In the software world, it is reasonably obvious that a tremendous amount of innovation is occuring without the patent system interfering. In addition, the patents that are granted are at least 2 years behind the leading edge of innovation. Since the pace of change is such that entire industries change between the application and awarding of a patent; the chance that a patent will still be an innovation is low and the chance that others will have independantly arrived at the same end is high.

Many of the arguments that have been put forward in defense of software patents allude to the amount of time spent on the idea Unfortunately, the time to generate the idea and the time required for the implementation of the idea are entertwined. Implementations are already protected by copyright, so there is no need for a patent there.
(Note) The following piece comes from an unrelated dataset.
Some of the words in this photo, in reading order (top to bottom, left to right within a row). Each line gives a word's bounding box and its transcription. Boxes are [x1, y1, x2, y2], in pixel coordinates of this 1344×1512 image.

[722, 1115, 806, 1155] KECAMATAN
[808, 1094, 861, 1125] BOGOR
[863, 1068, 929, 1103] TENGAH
Patents prevent some reverse engineering efforts to ensure compatibility. Since a patent covers a process, even if you independently create every piece of that process in a clean room, you can still be infringing on a patent. This is an important consideration when there is a possibility for submarine patents.

Finally, the process of patents and patent defenses distract from the process of innovating. The effort required to get a patent puts it out of the reach of lone hackers, and puts a tremendous drag on small companies.

But in today’s climate, there are software patents, and they appear to be legally valid. In this sort of climate, Amazon is acting as they have to. They are protecting core business methods from being attacked by a patent poacher. This is a necessary step for one other legal reason.

Amazon.com has lots of minority shareholders, and their stock has been falling. In today’s legal climate, there’s a significant possibly that they will have to defend against minority shareholder lawsuits.

Not defending their patents is probably a good way to lose these lawsuits. If the patents aren’t defended, especially against direct competitors, it can be held as an example of management not excercising due diligence.

My conclusion is that there are too many lawyers (Hi Sis!) promoting a climate of litigation that prevents companies and individuals from doing what is right.